Transcribe exactly, and without pictures, the lines from the one that contains "Some of the text" through the last line of the material.

- - - - - - -

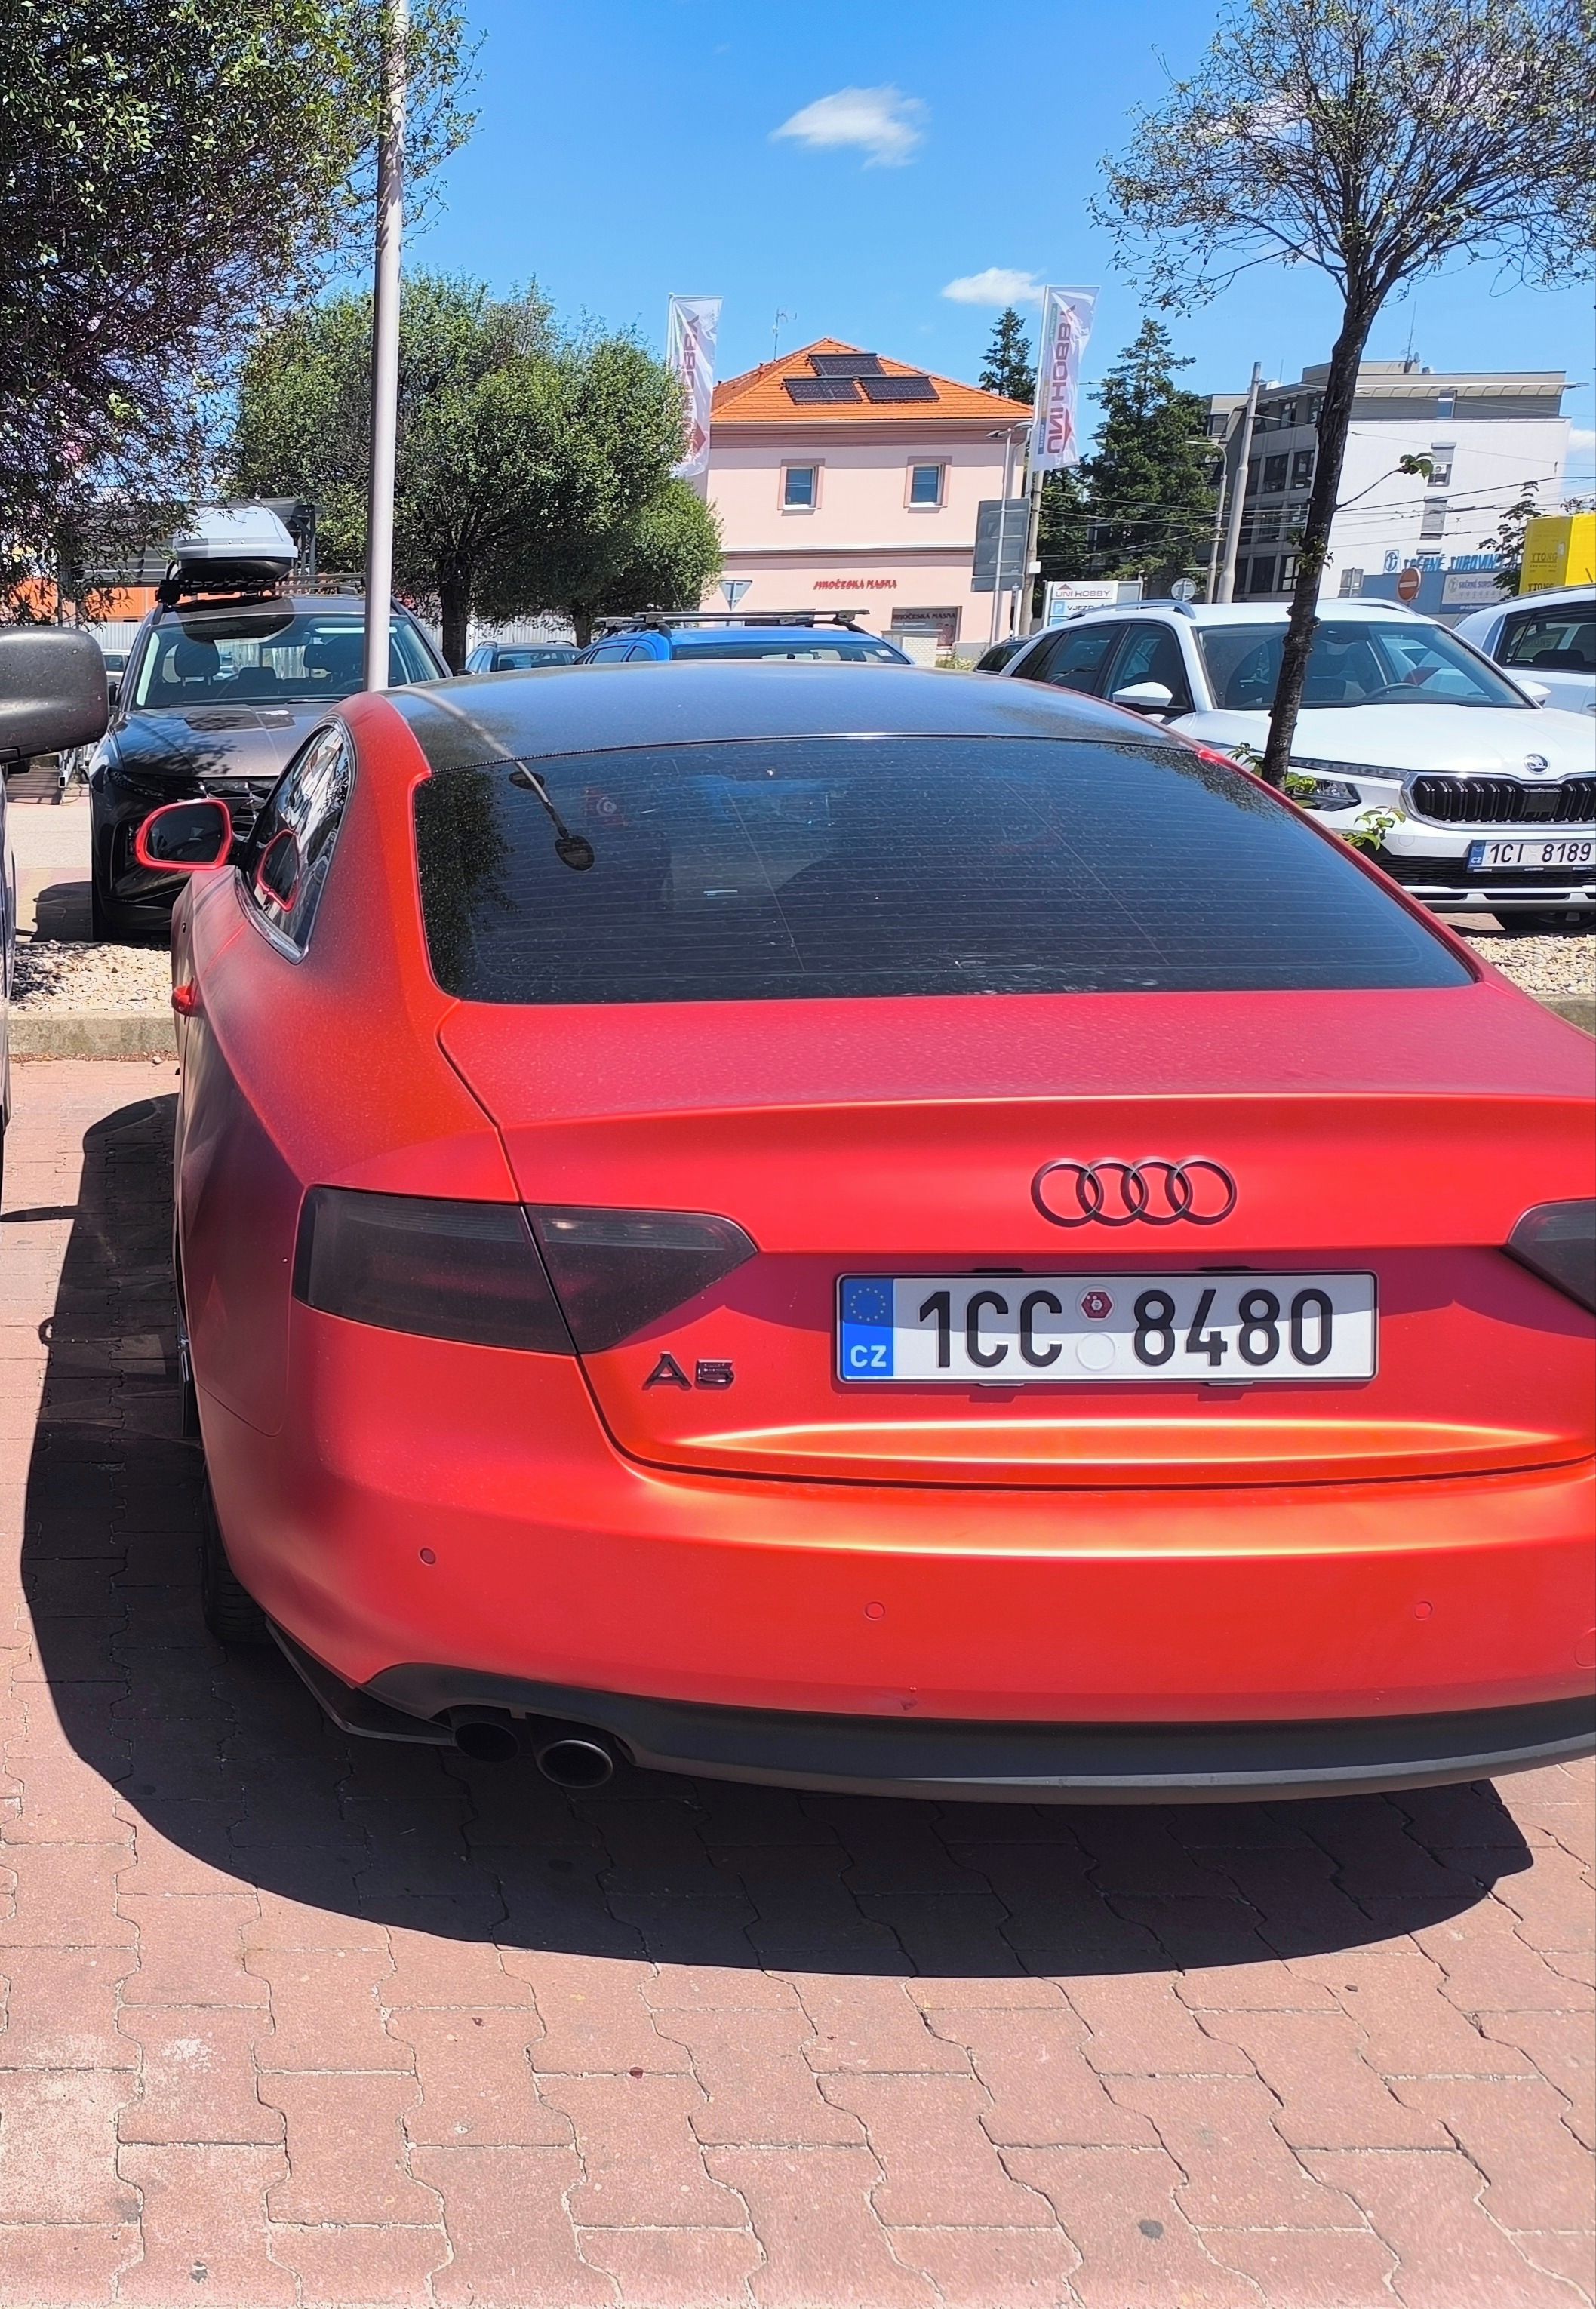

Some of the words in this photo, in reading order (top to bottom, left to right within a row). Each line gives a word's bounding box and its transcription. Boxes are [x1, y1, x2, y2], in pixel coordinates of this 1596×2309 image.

[1448, 553, 1507, 570] SUROVIN
[1531, 552, 1558, 561] YTONG
[1490, 844, 1524, 864] 1CI
[1542, 842, 1592, 863] 8189
[850, 1345, 887, 1368] CZ
[918, 1290, 1062, 1368] 1CC
[1133, 1288, 1333, 1367] 8480
[642, 1351, 735, 1391] A5
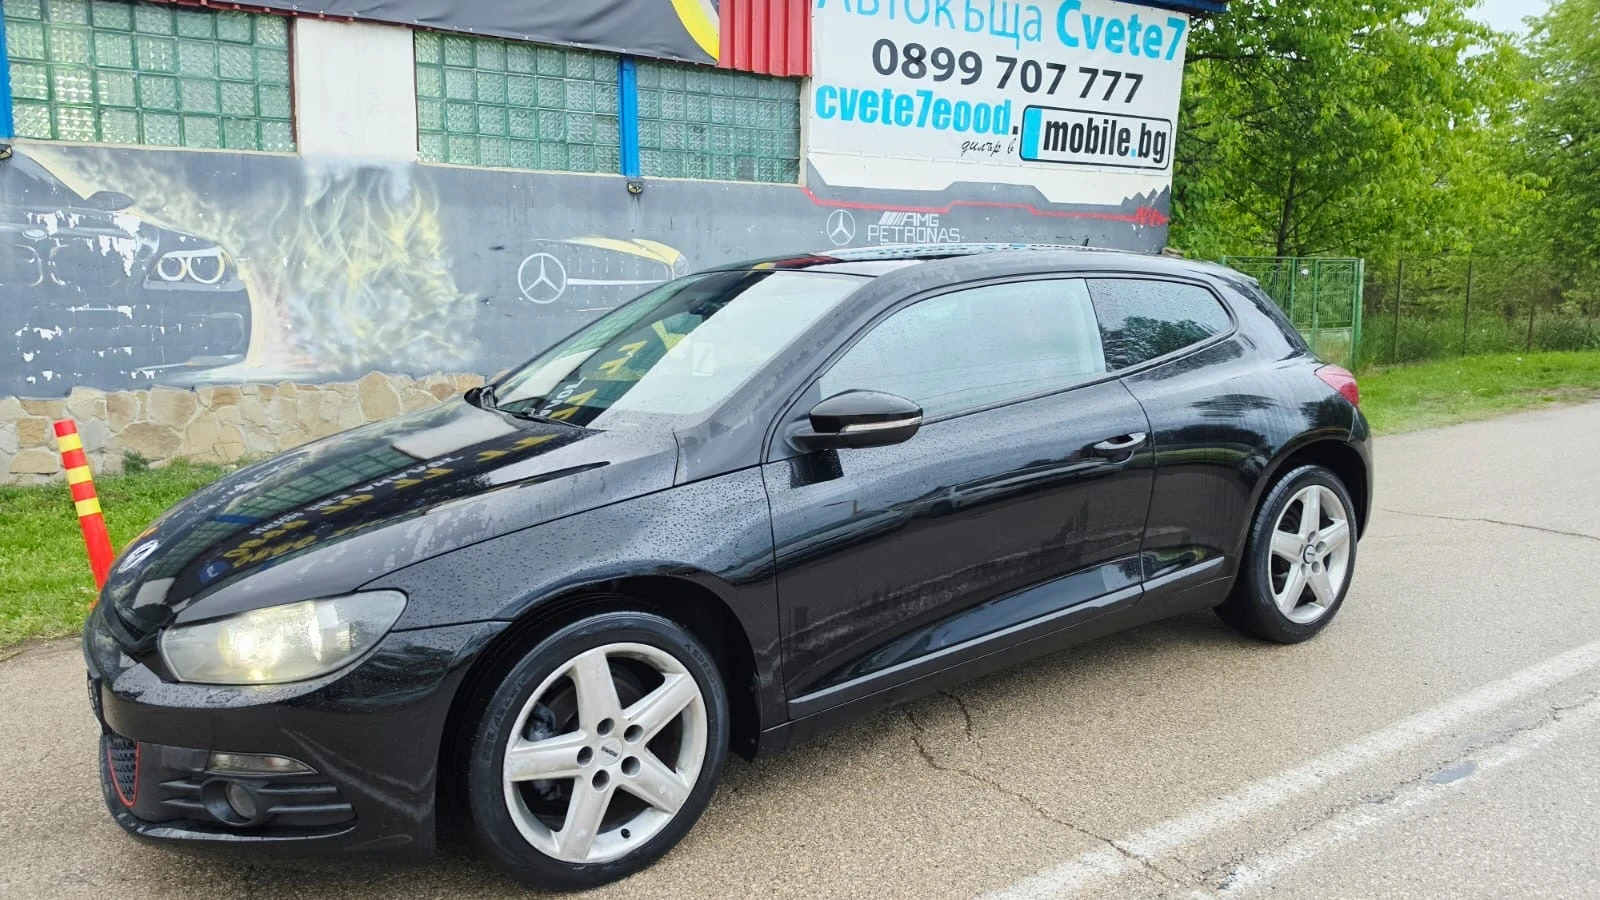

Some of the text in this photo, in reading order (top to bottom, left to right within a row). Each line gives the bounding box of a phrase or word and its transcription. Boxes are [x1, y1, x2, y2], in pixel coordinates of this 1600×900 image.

[817, 0, 1042, 49] окъща
[1056, 0, 1186, 61] Cvete7
[872, 38, 1144, 103] 0899 707 777
[1043, 117, 1167, 164] mobile.bg
[867, 224, 960, 243] PETRONAS
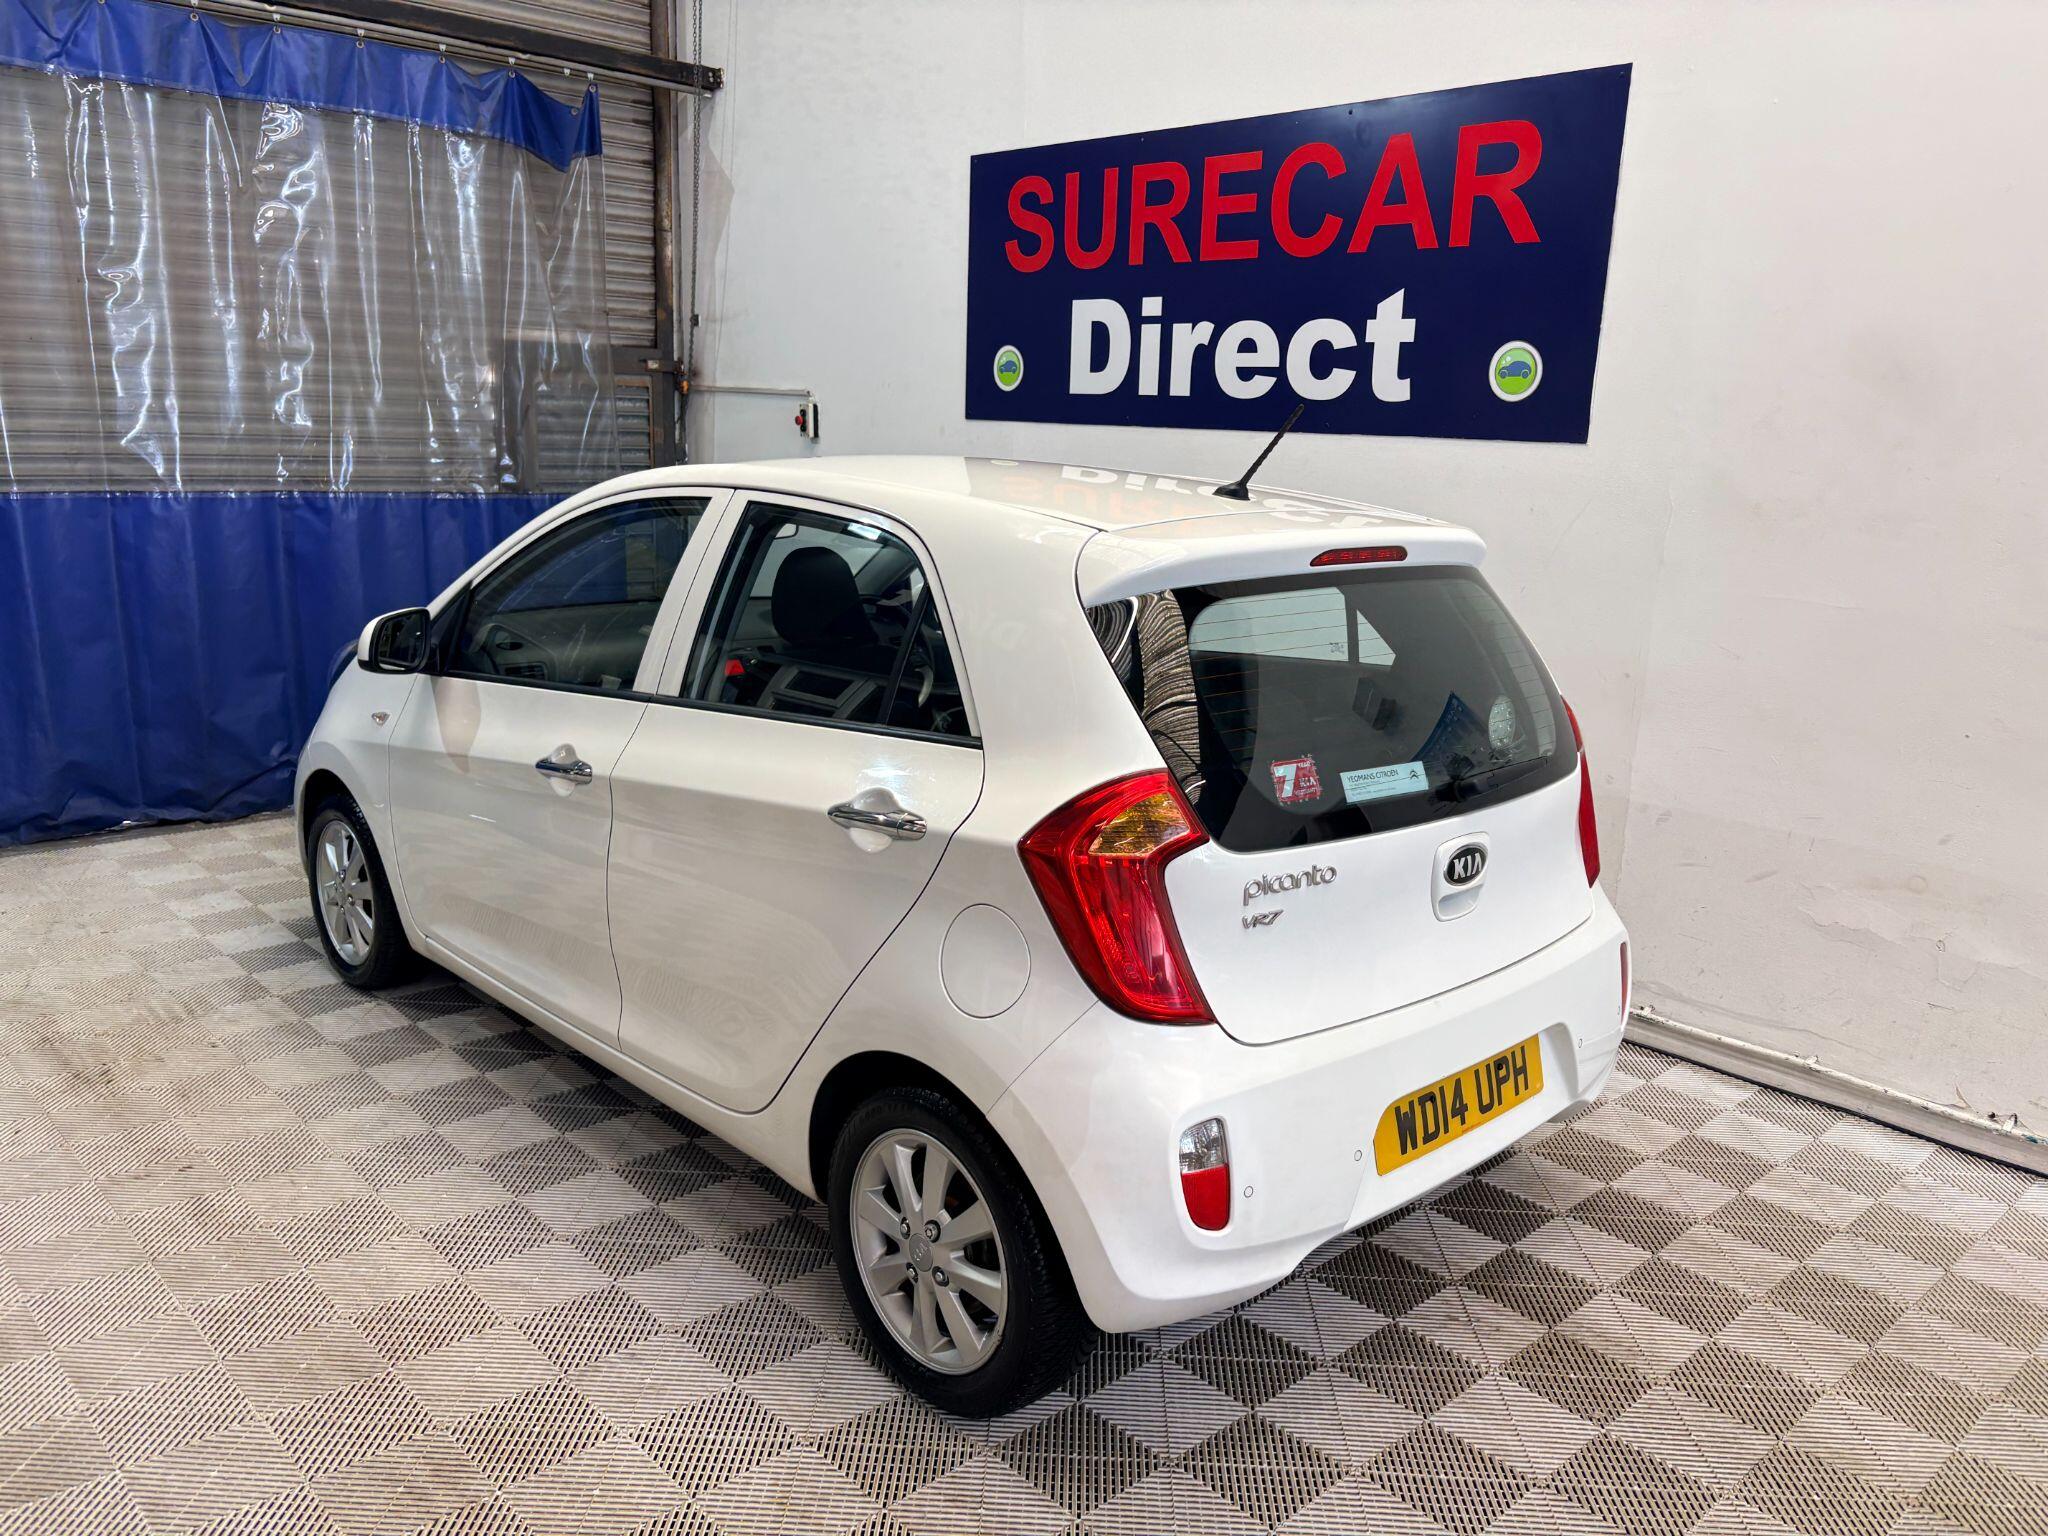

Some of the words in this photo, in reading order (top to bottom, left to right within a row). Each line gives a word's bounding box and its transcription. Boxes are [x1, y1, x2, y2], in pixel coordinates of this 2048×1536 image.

- - - - - - -

FINISHED EXERCISE
Some of the text in this photo, in reading order (top to bottom, left to right within a row). Each line gives the bounding box of a phrase or word and its transcription. Boxes are [x1, y1, x2, y2], in pixel coordinates of this 1600×900 image.

[817, 0, 1042, 49] окъща
[1056, 0, 1186, 61] Cvete7
[872, 38, 1144, 103] 0899 707 777
[1043, 117, 1167, 164] mobile.bg
[867, 224, 960, 243] PETRONAS

Some of the words in this photo, in reading order (top to bottom, left to right within a row). Each line gives a word's bounding box and its transcription. Boxes are [x1, y1, x2, y2], in pixel coordinates of this 2048×1536 image.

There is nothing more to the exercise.